_Task goal_.
Could you set down the records below exactly as they are, with no pictures?
Top of Available data
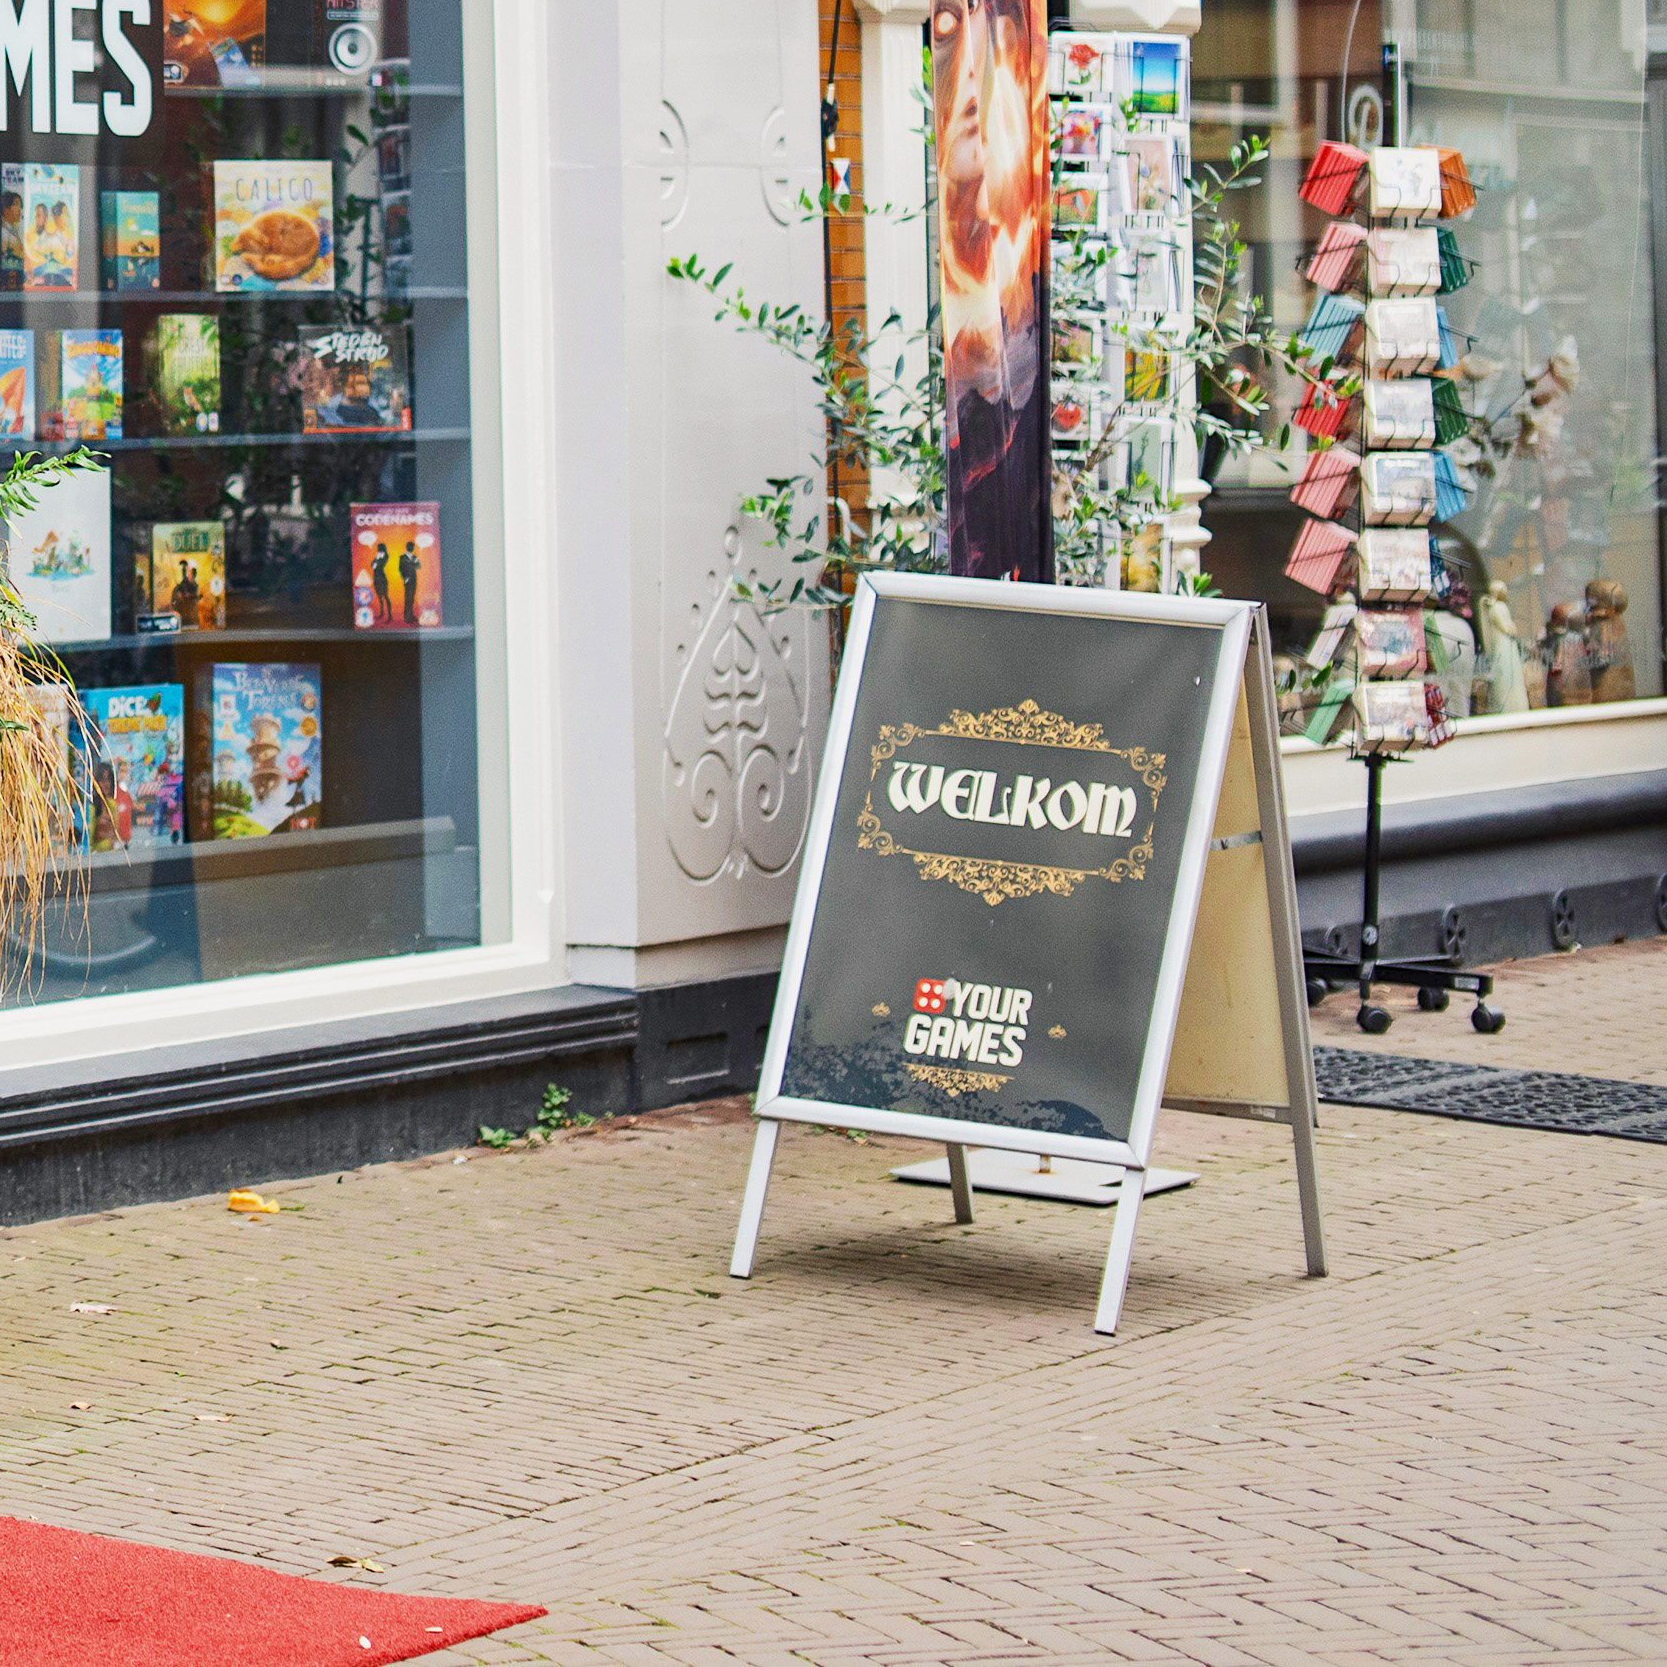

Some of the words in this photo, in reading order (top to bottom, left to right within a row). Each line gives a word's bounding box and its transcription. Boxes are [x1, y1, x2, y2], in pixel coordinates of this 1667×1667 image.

[236, 179, 313, 202] CALICO
[307, 331, 382, 358] STEDEN
[355, 512, 434, 527] CODENAMES
[887, 760, 1138, 839] WELKOM
[950, 979, 1033, 1026] YOUR
[904, 1014, 1027, 1068] GAMES
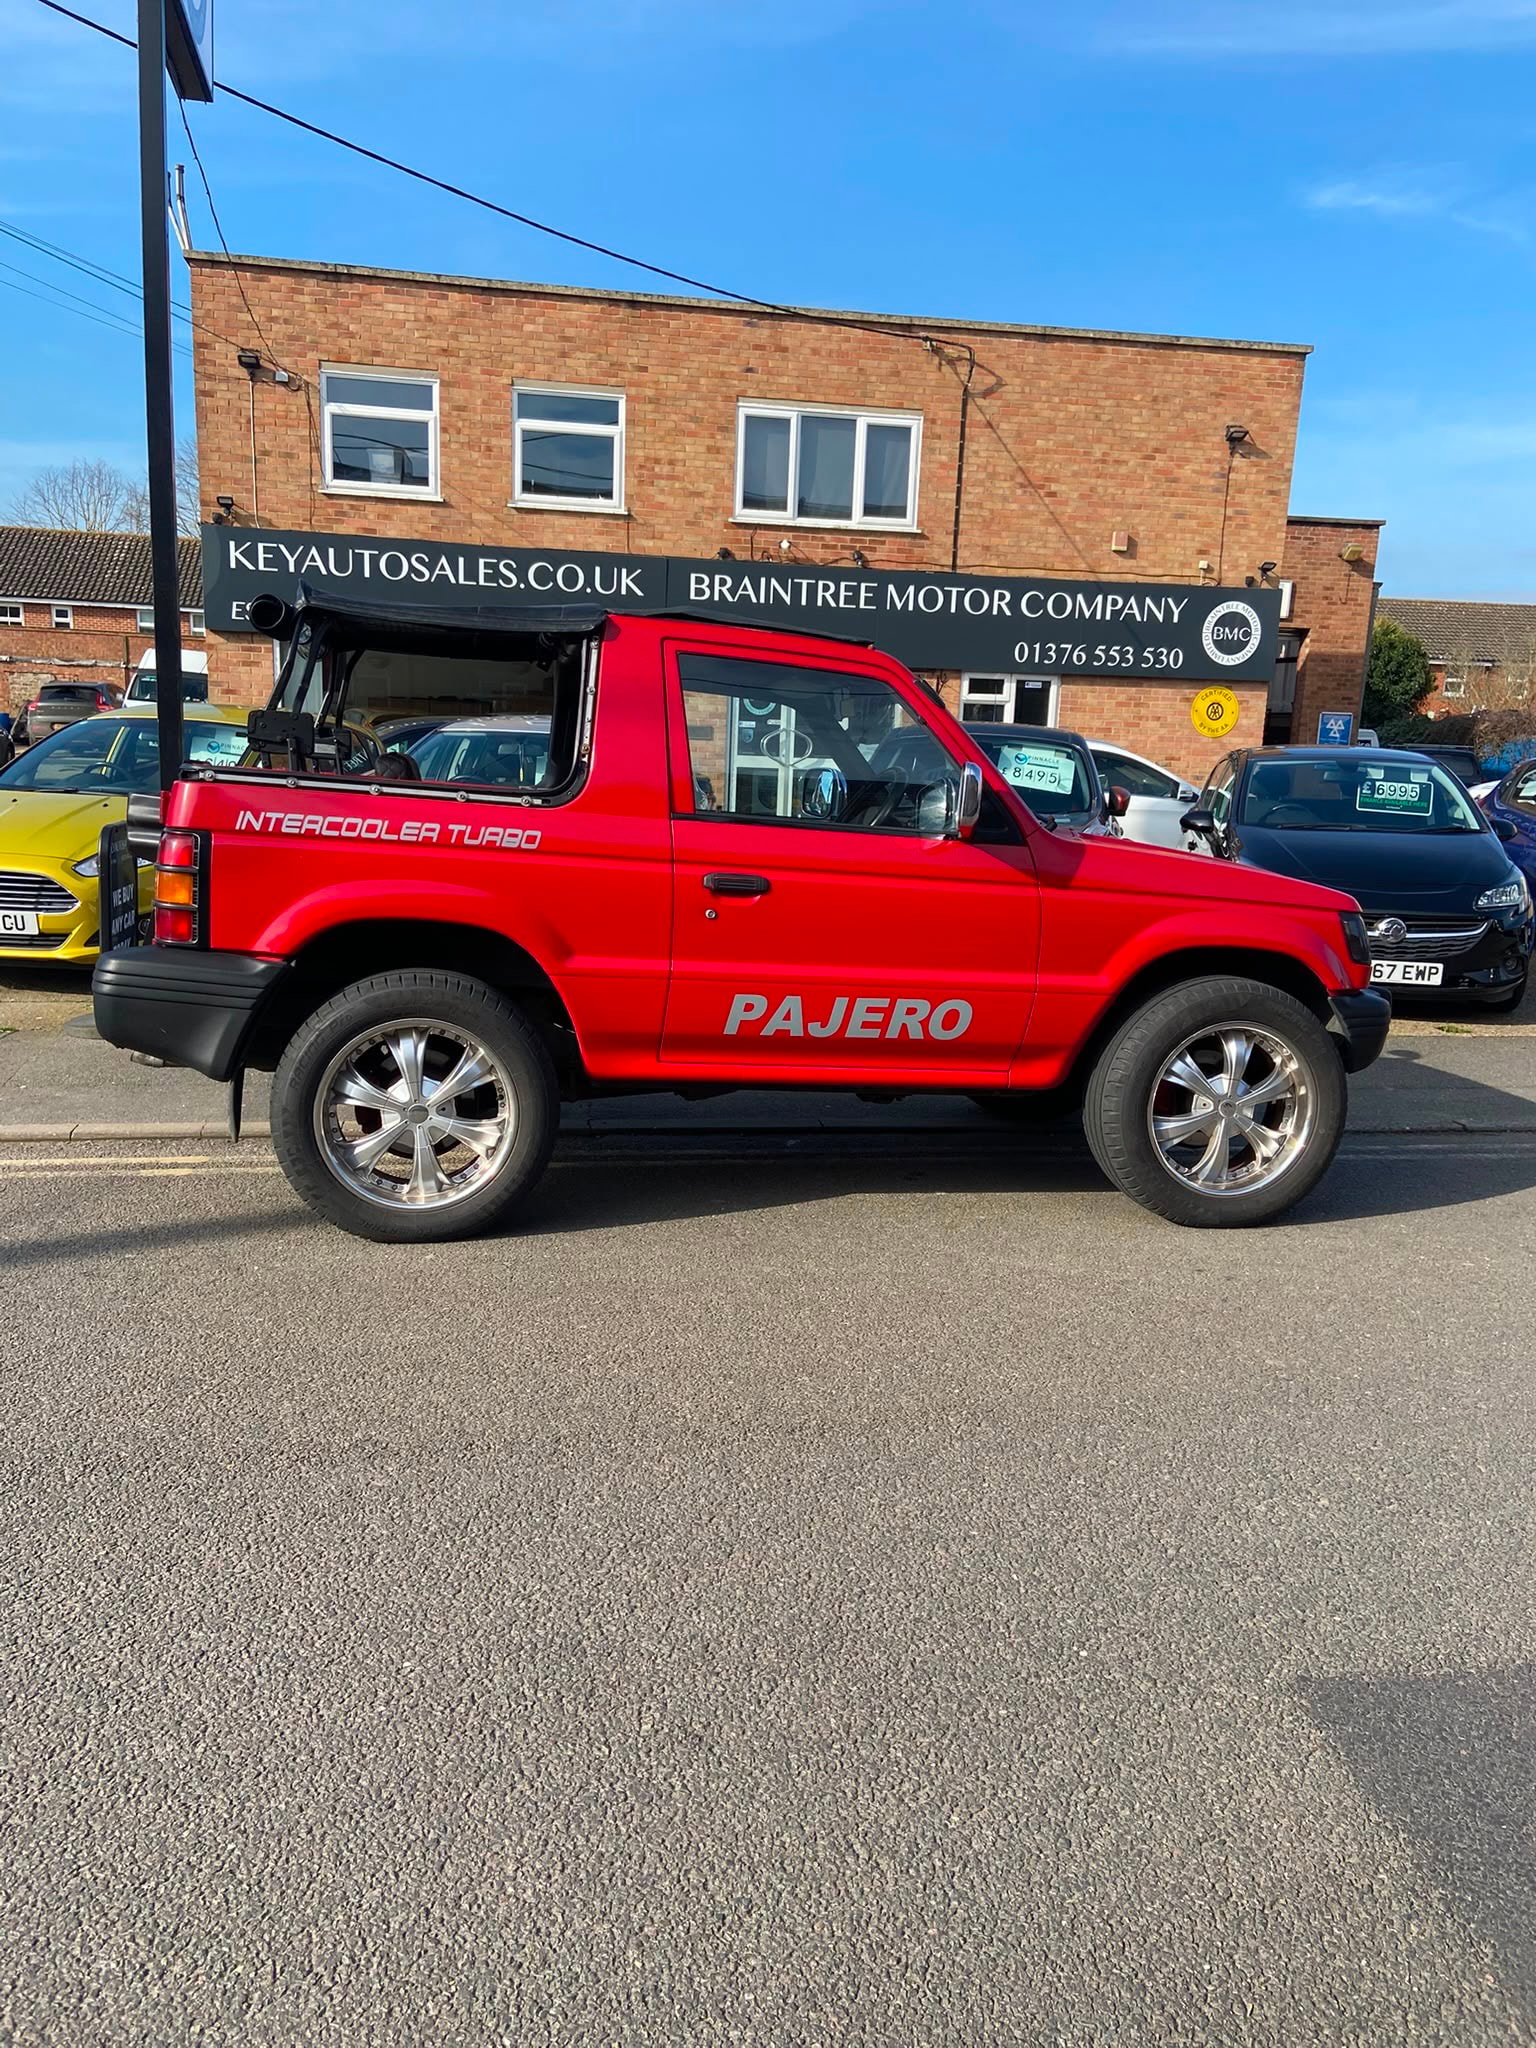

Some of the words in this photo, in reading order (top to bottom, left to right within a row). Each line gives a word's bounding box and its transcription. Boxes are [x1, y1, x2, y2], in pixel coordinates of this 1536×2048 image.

[229, 541, 645, 597] KEYAUTOSALES.CO.UK
[690, 573, 878, 609] BRAINTREE
[886, 584, 1012, 616] MOTOR
[1021, 591, 1189, 623] COMPANY
[1213, 626, 1251, 641] BMC
[1015, 642, 1087, 665] 01376
[1093, 645, 1134, 667] 553
[1141, 647, 1184, 668] 530
[235, 810, 441, 842] INTERCOOLER
[448, 824, 541, 848] TURBO
[1, 914, 26, 932] CU
[1372, 963, 1397, 980] 67
[1402, 965, 1440, 982] EWP
[723, 994, 973, 1041] PAJERO
Bottom of Available data
_Completed exercise_.
Some of the words in this photo, in reading order (top to bottom, left to right within a row). Each line gives a word's bounding box and its transcription. Boxes are [x1, y1, x2, y2], in pixel coordinates of this 1667×1667 image.

[236, 179, 313, 202] CALICO
[307, 331, 382, 358] STEDEN
[355, 512, 434, 527] CODENAMES
[887, 760, 1138, 839] WELKOM
[950, 979, 1033, 1026] YOUR
[904, 1014, 1027, 1068] GAMES

Some of the words in this photo, in reading order (top to bottom, left to right within a row). Each line gives a word's bounding box and its transcription. Boxes are [x1, y1, x2, y2], in pixel coordinates of this 1536×2048 image.

[229, 541, 645, 597] KEYAUTOSALES.CO.UK
[690, 573, 878, 609] BRAINTREE
[886, 584, 1012, 616] MOTOR
[1021, 591, 1189, 623] COMPANY
[1213, 626, 1251, 641] BMC
[1015, 642, 1087, 665] 01376
[1093, 645, 1134, 667] 553
[1141, 647, 1184, 668] 530
[235, 810, 441, 842] INTERCOOLER
[448, 824, 541, 848] TURBO
[1, 914, 26, 932] CU
[1372, 963, 1397, 980] 67
[1402, 965, 1440, 982] EWP
[723, 994, 973, 1041] PAJERO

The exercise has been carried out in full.